Isobutyryl-CoA dehydrogenase (IBD) deficiency is a condition that disrupts the breakdown of certain proteins.
Normally, proteins from food are broken down into parts called amino acids. Amino acids can be further processed to provide energy for growth and development. People with IBD deficiency have inadequate levels of an enzyme that helps break down a particular amino acid called valine.

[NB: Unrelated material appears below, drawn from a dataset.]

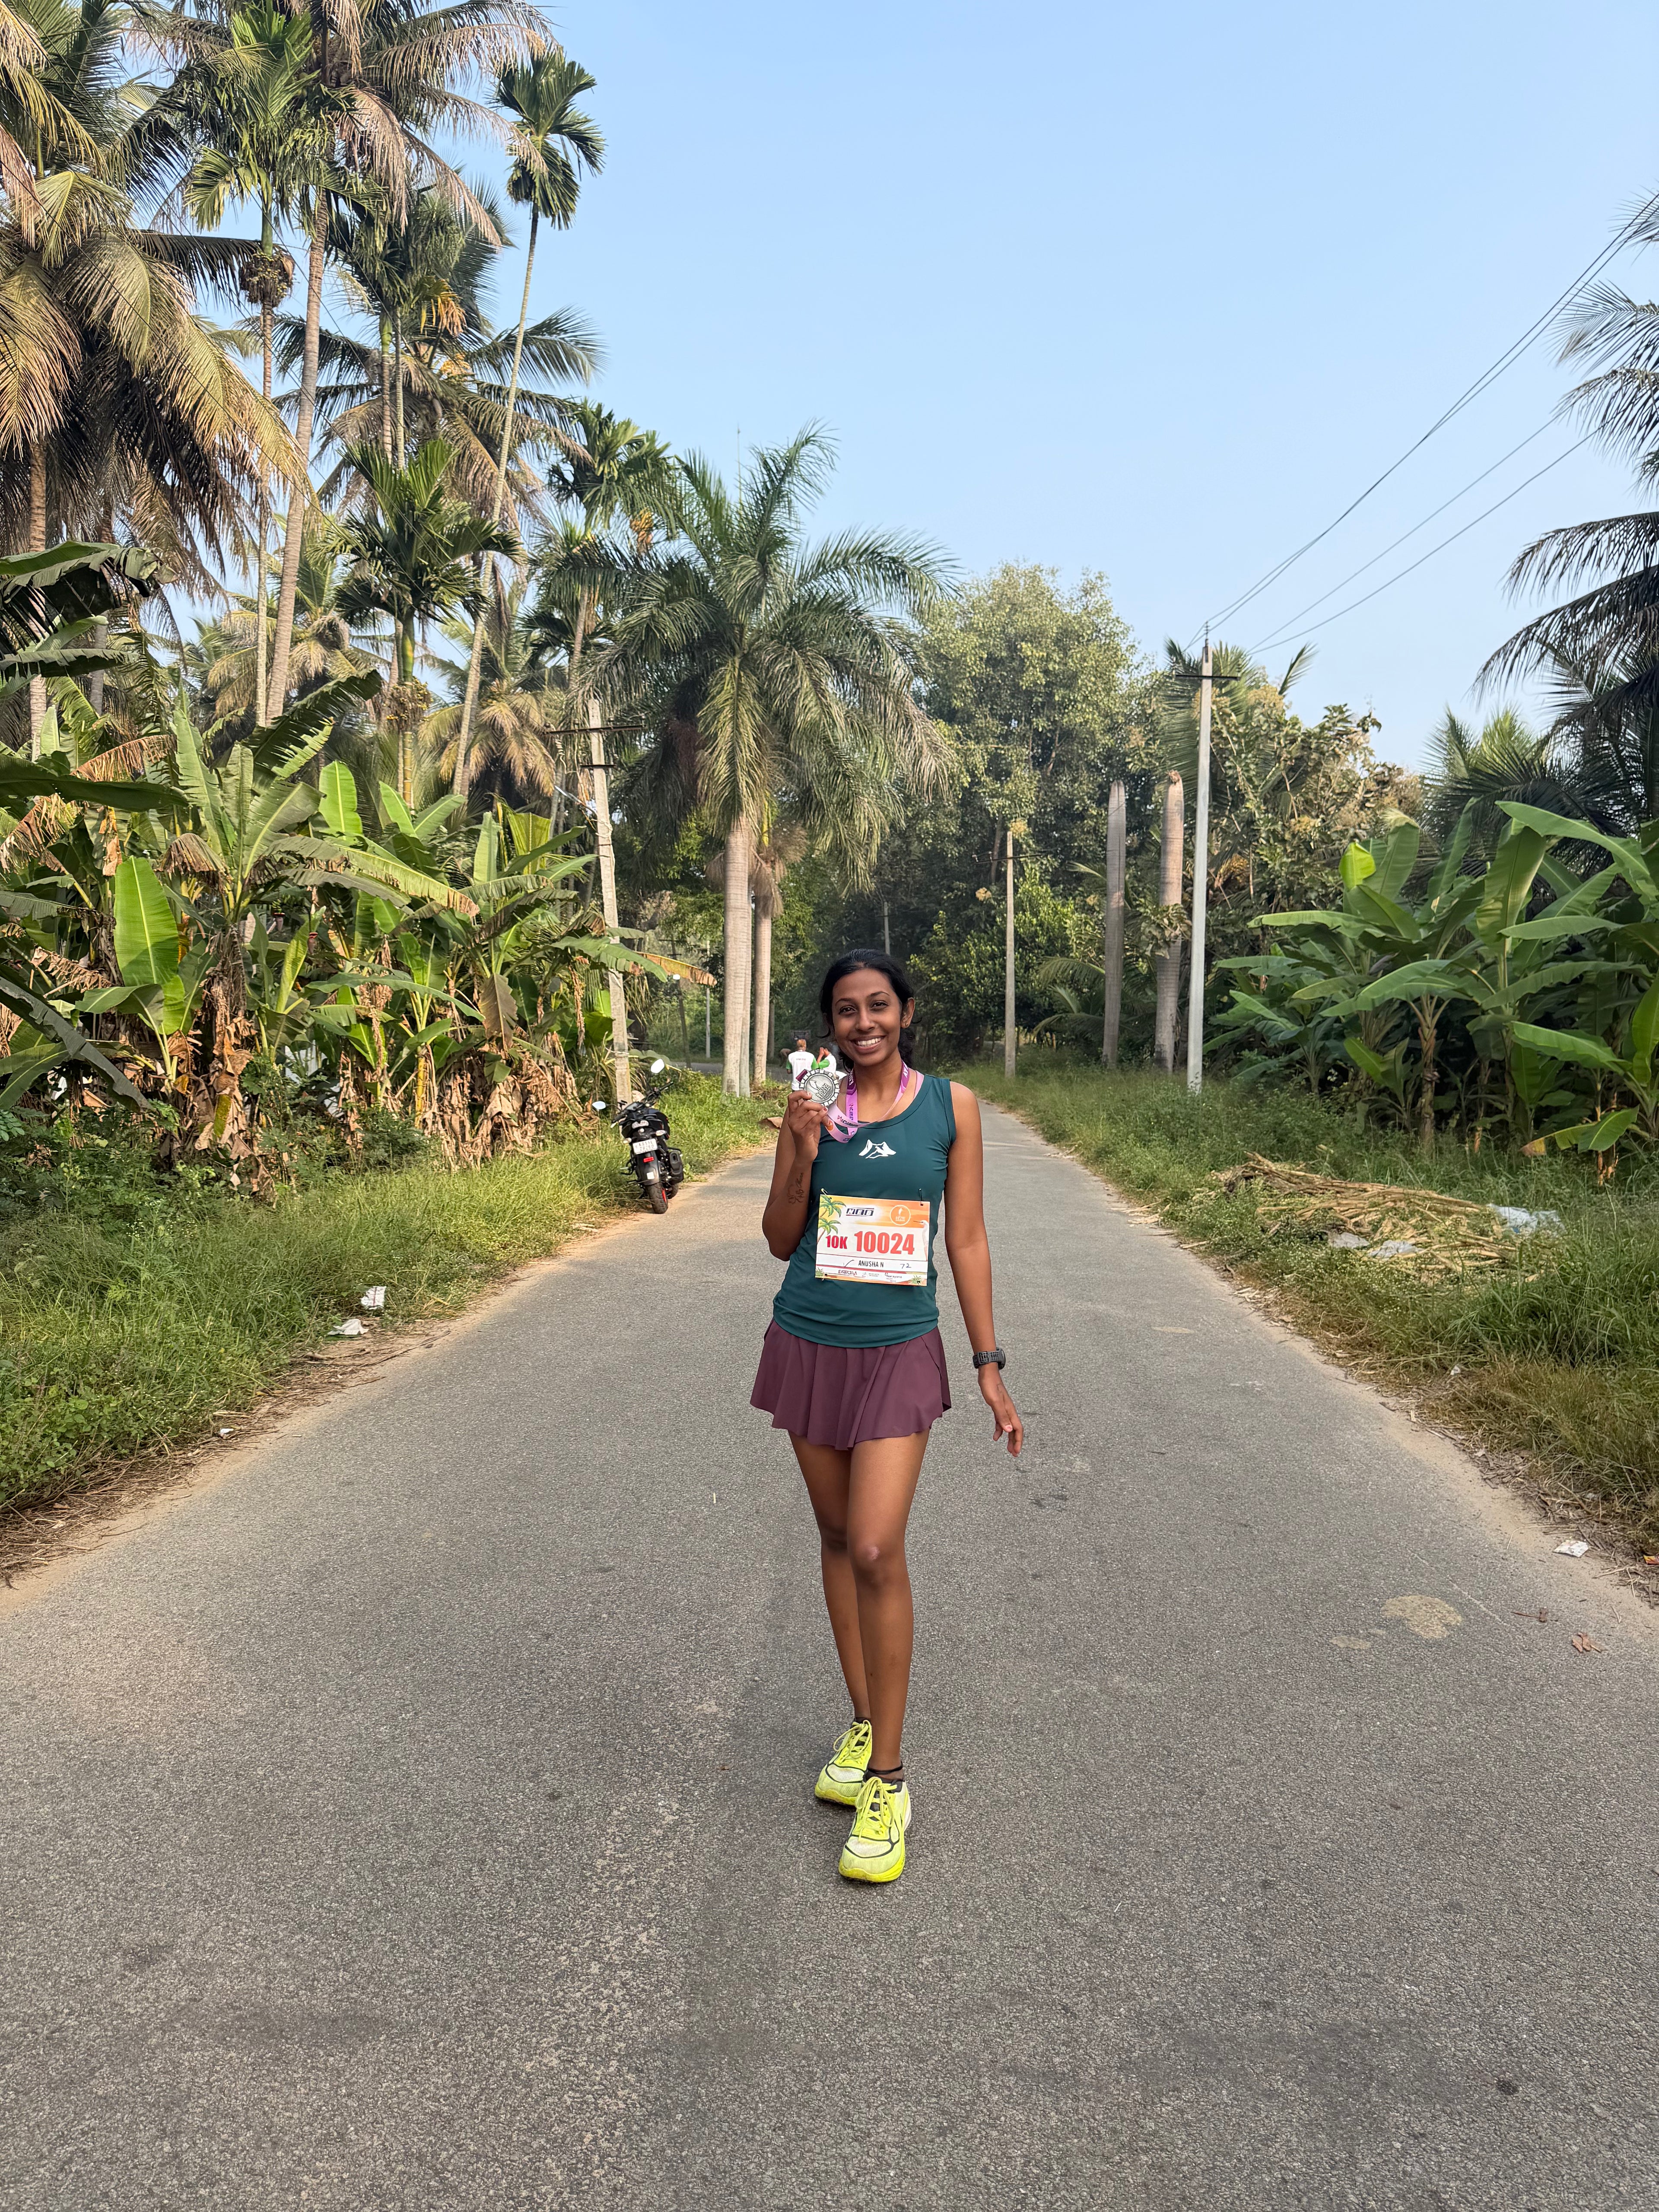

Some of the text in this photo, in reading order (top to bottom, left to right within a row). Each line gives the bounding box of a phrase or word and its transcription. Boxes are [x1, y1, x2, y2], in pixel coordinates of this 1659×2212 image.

[846, 1208, 874, 1216] NEB
[825, 1231, 915, 1255] 10K 10024

Most people with IBD deficiency are asymptomatic, which means they do not have any signs or symptoms of the condition. A few children with IBD deficiency have developed features such as a weakened and enlarged heart (dilated cardiomyopathy), weak muscle tone (hypotonia), and developmental delay. This condition may also cause low numbers of red blood cells (anemia) and very low blood levels of carnitine, which is a natural substance that helps convert certain foods into energy. The range of signs and symptoms associated with IBD deficiency remains unclear because very few affected individuals have been reported.
IBD deficiency is a rare disorder; approximately 22 cases have been reported in the medical literature.
Mutations in the ACAD8 gene cause IBD deficiency. This gene provides instructions for making the IBD enzyme, which is involved in breaking down valine. ACAD8 gene mutations reduce or eliminate the activity of the IBD enzyme. As a result, valine is not broken down properly. Impaired processing of valine may lead to reduced energy production and the features of IBD deficiency.
This condition is inherited in an autosomal recessive pattern, which means both copies of the gene in each cell have mutations. The parents of an individual with an autosomal recessive condition each carry one copy of the mutated gene, but they typically do not show signs and symptoms of the condition.